I diritti umani sono di tutti, e ciascuno dovrebbe goderne assieme anche alla possibilità di discuterci sopra. Per tale ragione il festival, all’insegna dei valori che vuole promuovere, ha pensato anche quest’anno a come integrare nel dialogo le fasce più delicate della comunità, ossia i giovani e i detenuti. Si tratta di due categorie che oggigiorno rischiano costantemente di essere estromesse dai meccanismi della società. È stata dunque dedicata esclusivamente a loro una programmazione specifica. Entrambi assisteranno alla proiezione di alcuni film, a cui seguiranno poi degli incontri formativi con esperti e con figure chiave delle tematiche trattate. Come può il cinema aiutarli a (re)immettersi adeguatamente nella società?

Credo che, per quanto riguardi i detenuti, sia necessario aiutarli ad andare oltre i limiti ristretti dello spazio in cui sono confinati. L’arte per loro può essere un collegamento fondamentale con l’esterno, capace di tenerli vicini alla realtà più di quanto possano fare le sole visite familiari. Credo che in questo senso un film porti dentro ognuno di noi un intero mondo, fatto di input, sensazioni e sentimenti universali, che inevitabilmente permettono di stabilire un legame costante con quanto accade attorno a noi.

Gli studenti invece finiscono sempre per insegnarci molto di più di quanto siano in grado di inculcargli gli adulti. Per noi è davvero utile e soddisfacente poter assistere ai loro dibattiti; i giovani hanno tanta voglia di unirsi e di comunicare. Purtroppo siamo tutti costretti in una società individualista, dove la volontà c’è ma viene soffocata costantemente dalle tante situazioni di vita quotidiana. Dunque, i confronti organizzati dopo le proiezioni diventano per loro un momento di totale libertà espressiva, dove spesso finiscono per segnalarci delle nuove possibilità. Ci portano a guardare la realtà con occhi diversi. In conclusione, si tratta di un momento di puro arricchimento. Ma potrà essere funzionale solo se il dialogo comincia ad estendersi oltre lo spazio del dibattito, ossia in famiglia e in quelle situazioni che abitualmente tendono a minimizzarli e a silenziarli.
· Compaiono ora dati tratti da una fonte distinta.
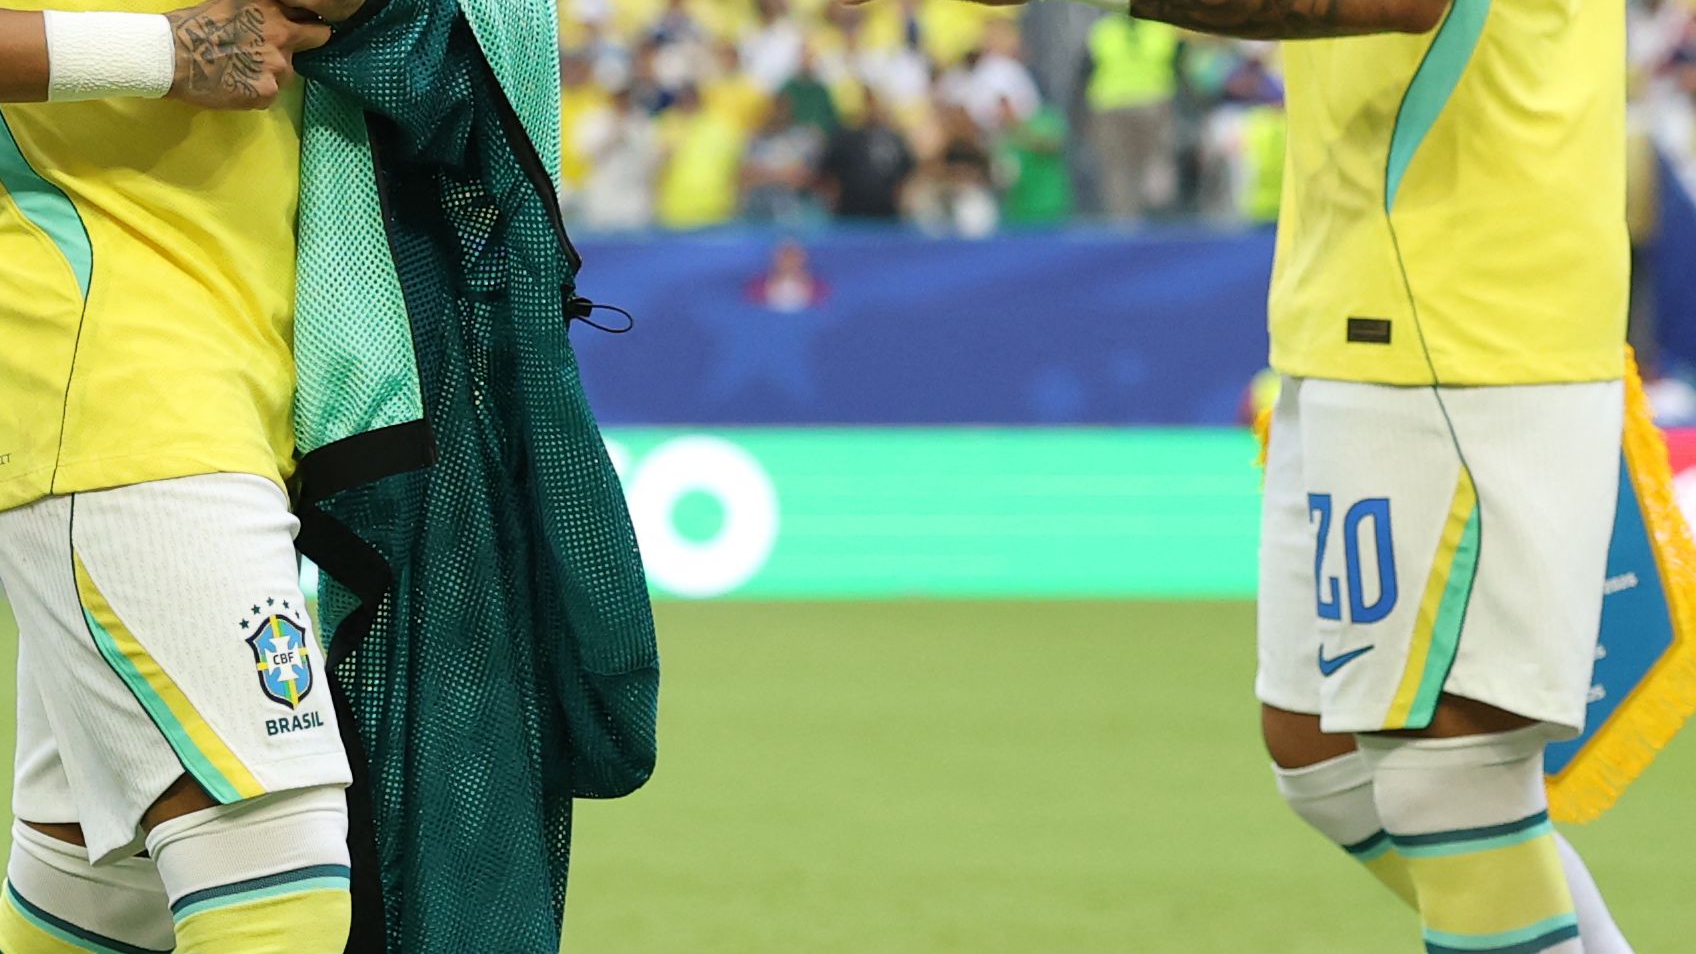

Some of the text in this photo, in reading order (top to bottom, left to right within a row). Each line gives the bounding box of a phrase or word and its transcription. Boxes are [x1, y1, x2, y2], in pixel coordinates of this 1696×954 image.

Gli studenti sono una costante per la buona riuscita del Film Festival dei Diritti Umani

Il ruolo delle ONG

È giusto adesso dedicare alcune parole anche agli ultimi grandi protagonisti del festival, ossia le ONG che ogni anno contribuiscono attivamente alla promozione e alla valorizzazione dell’evento. Quest’anno il Premio ONG verrà assegnato da Amnesty International, storica organizzazione che da sempre si impegna su più fronti. Personalmente, lei ritiene che le ONG abbiano attualmente la libertà d’azione che meritano? Nel caso, che cosa può fare l’evento per supportarle e dar loro il giusto spazio?

Non sono affatto convinto che le ONG abbiano la libertà d’azione che meritano, anzi, penso sia vero l’opposto. Spero vivamente che il nostro festival le aiuti a superare le intricate maglie della burocrazia e della politica, è fondamentale che trovino la giusta continuità. Noi ci rendiamo conto dell’immenso sforzo che quotidianamente queste associazioni svolgono. E questo premio vuole appunto significare tutto il riconoscimento e l’incoraggiamento che il festival cerca di trasmettere annualmente verso il loro impegno costante. Sempre in questo senso, sarebbe fantastico se anche il approfittasse dell’occasione per avvicinarsi sensibilmente alle cause per cui i gruppi come Amnesty combattono. Sono davvero tanti gli argomenti di cui parlare e su cui schierarsi.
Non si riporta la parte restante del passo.